_INSTRUCTIONS FOR THE TASK_
An exact transcription of every record below is required, with the pictures left out.

_SUPPLIED ENTRIES_
···

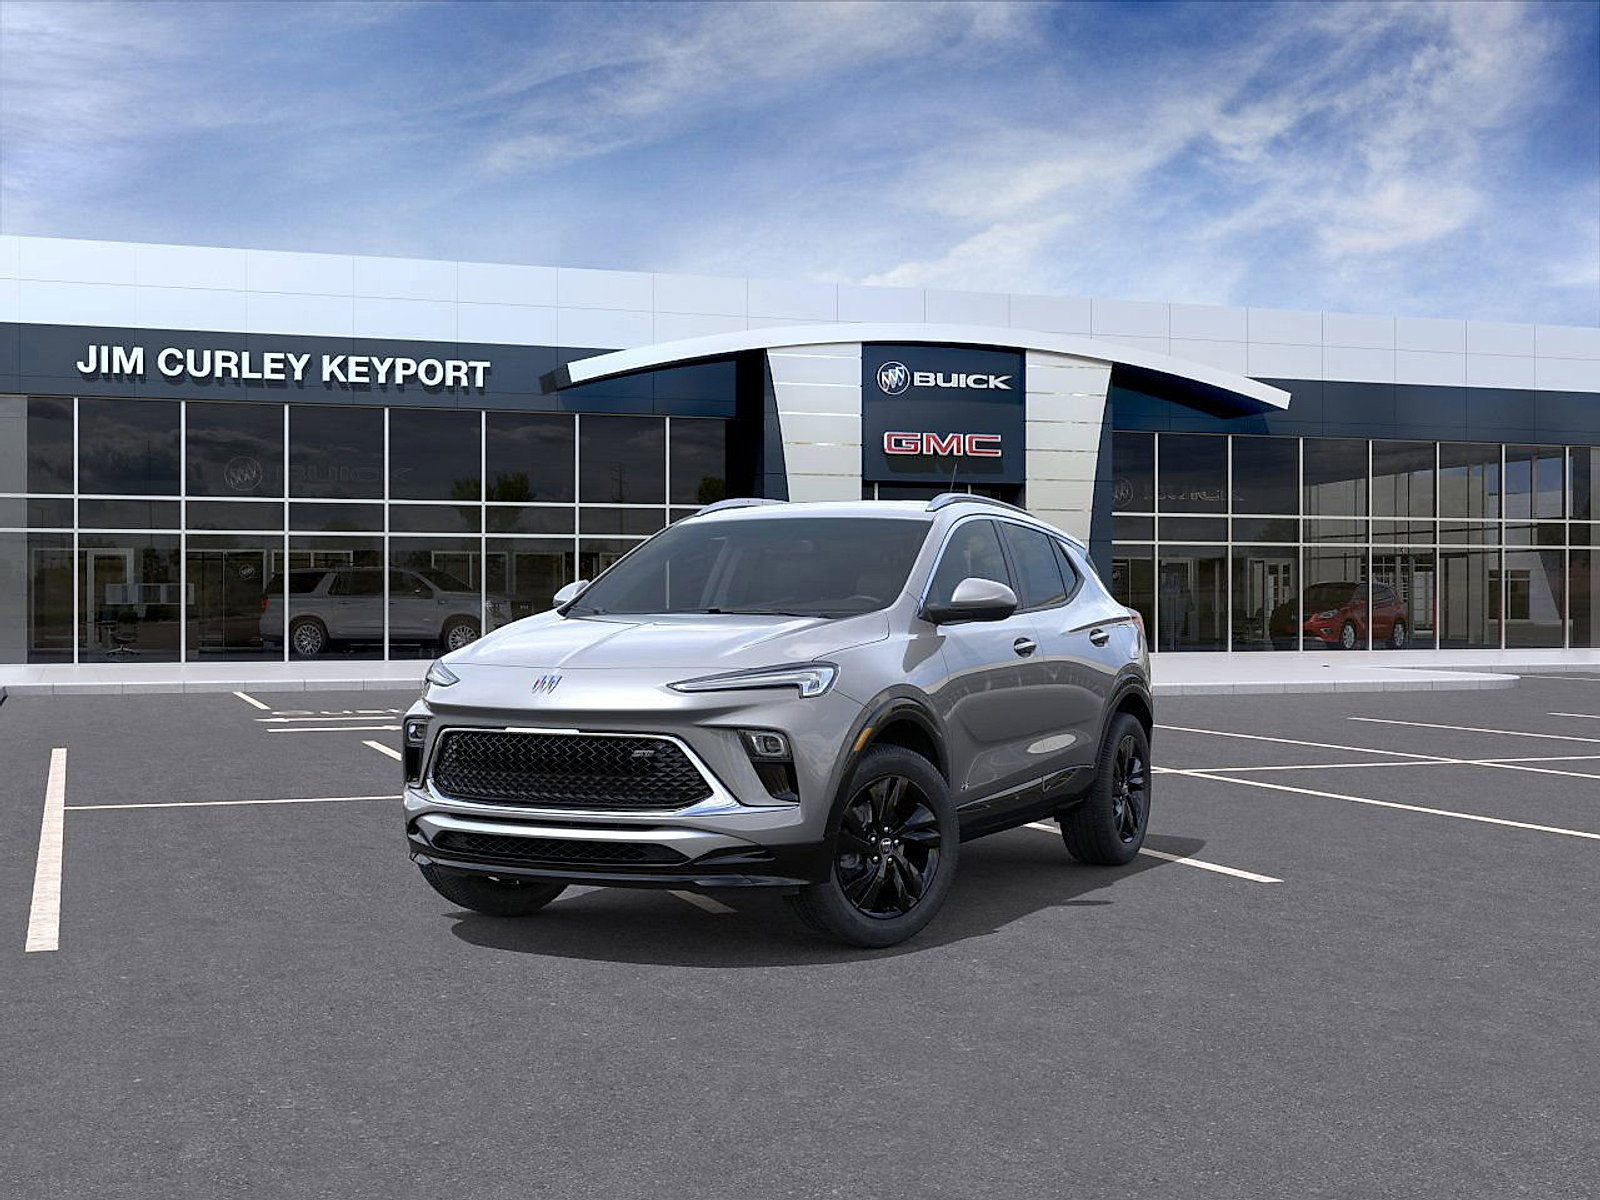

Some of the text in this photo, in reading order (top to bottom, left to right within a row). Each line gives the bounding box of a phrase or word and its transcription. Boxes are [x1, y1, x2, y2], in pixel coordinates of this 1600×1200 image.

[76, 344, 491, 388] JIM CURLEY KEYPORT
[913, 371, 1013, 390] BUICK
[883, 431, 1002, 458] GMC
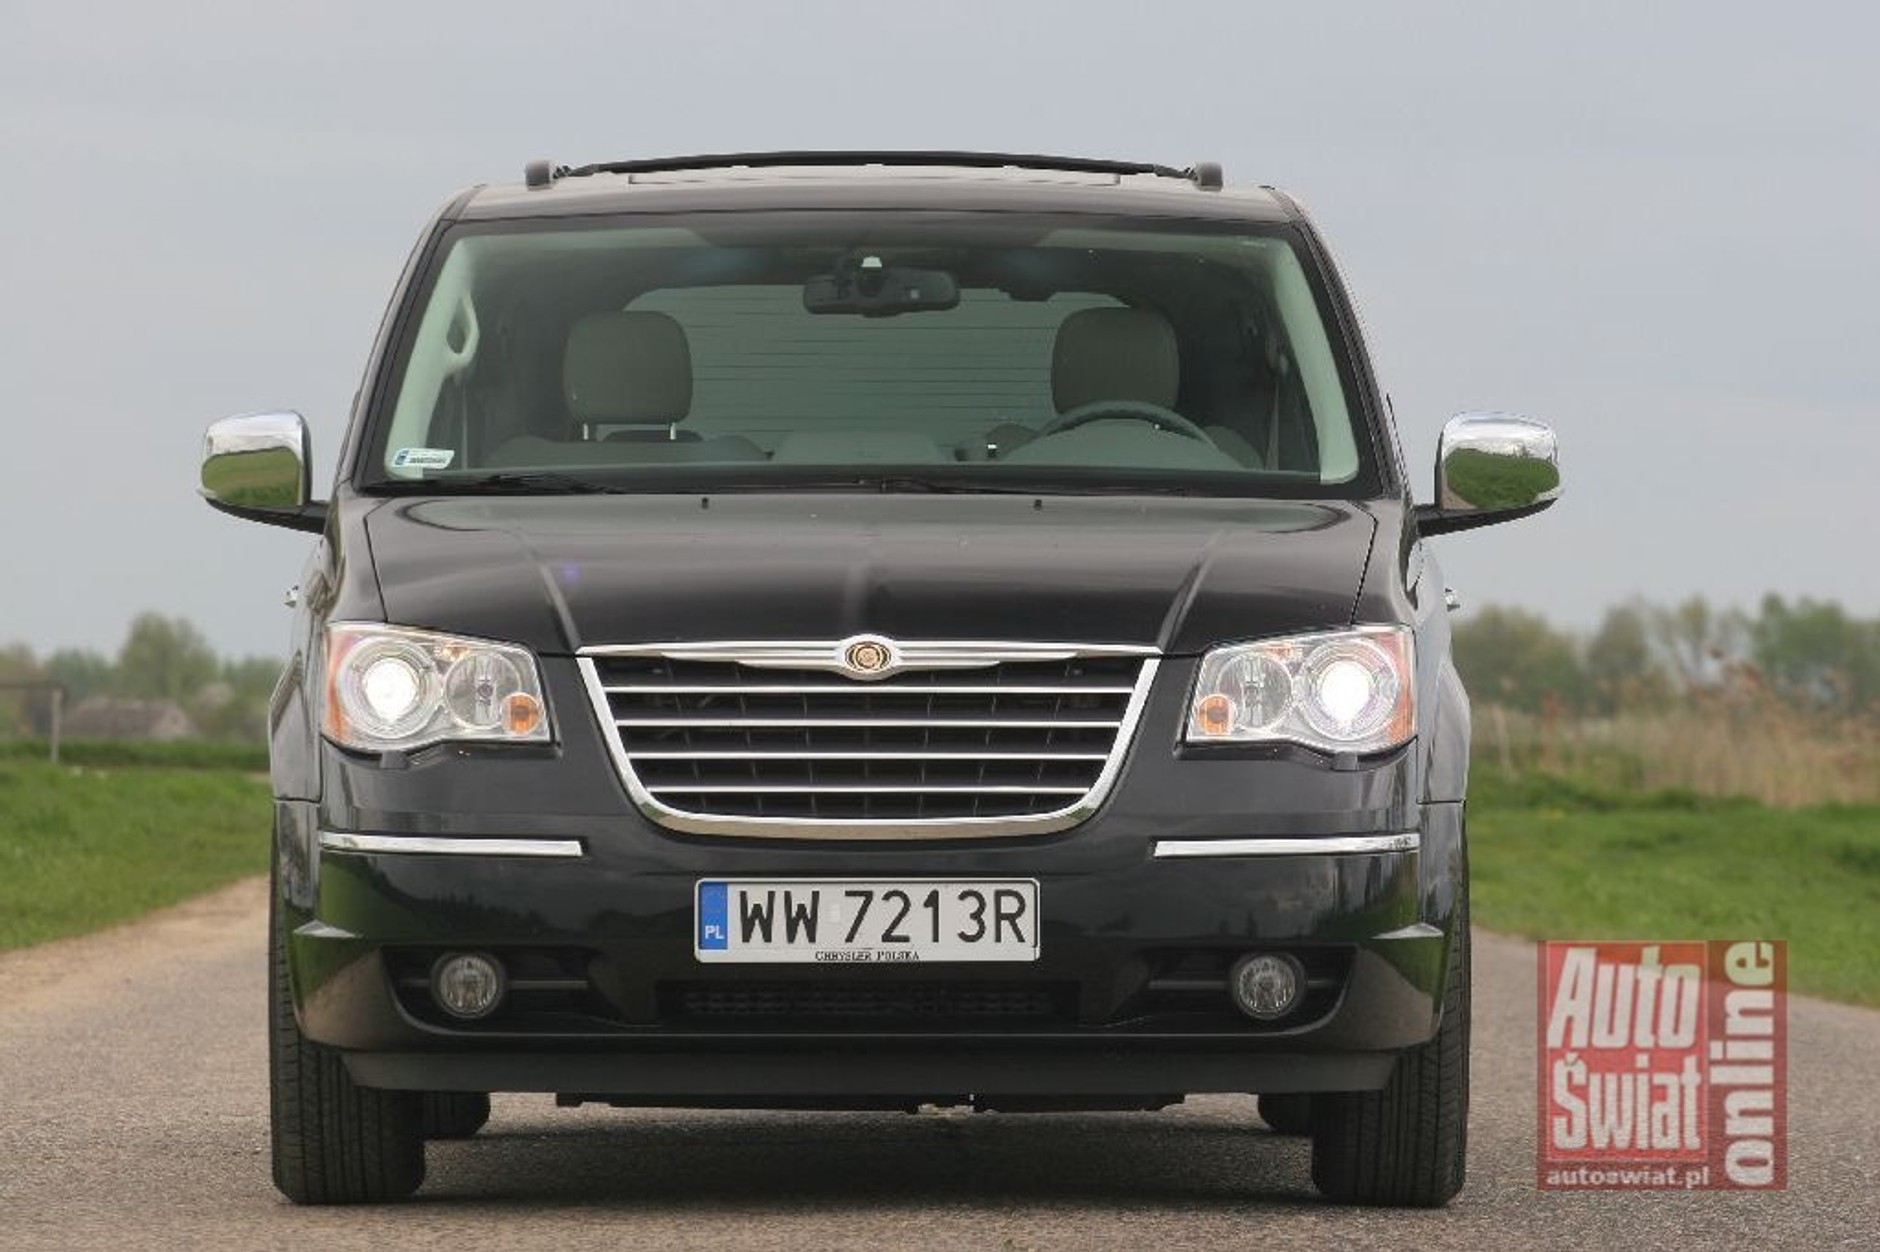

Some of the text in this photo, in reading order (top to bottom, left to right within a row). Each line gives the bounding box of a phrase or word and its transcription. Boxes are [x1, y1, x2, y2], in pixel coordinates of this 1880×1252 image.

···

_TASK SOLUTION_
Some of the text in this photo, in reading order (top to bottom, left to right within a row). Each line gives the bounding box of a phrase or word and its transcription. Boxes are [x1, y1, x2, y2], in pixel coordinates of this 1600×1200 image.

[76, 344, 491, 388] JIM CURLEY KEYPORT
[913, 371, 1013, 390] BUICK
[883, 431, 1002, 458] GMC

Some of the text in this photo, in reading order (top to bottom, left to right within a row). Each line gives the bounding box of a phrase or word and its transcription. Boxes are [x1, y1, x2, y2], in pixel coordinates of this 1880×1252 image.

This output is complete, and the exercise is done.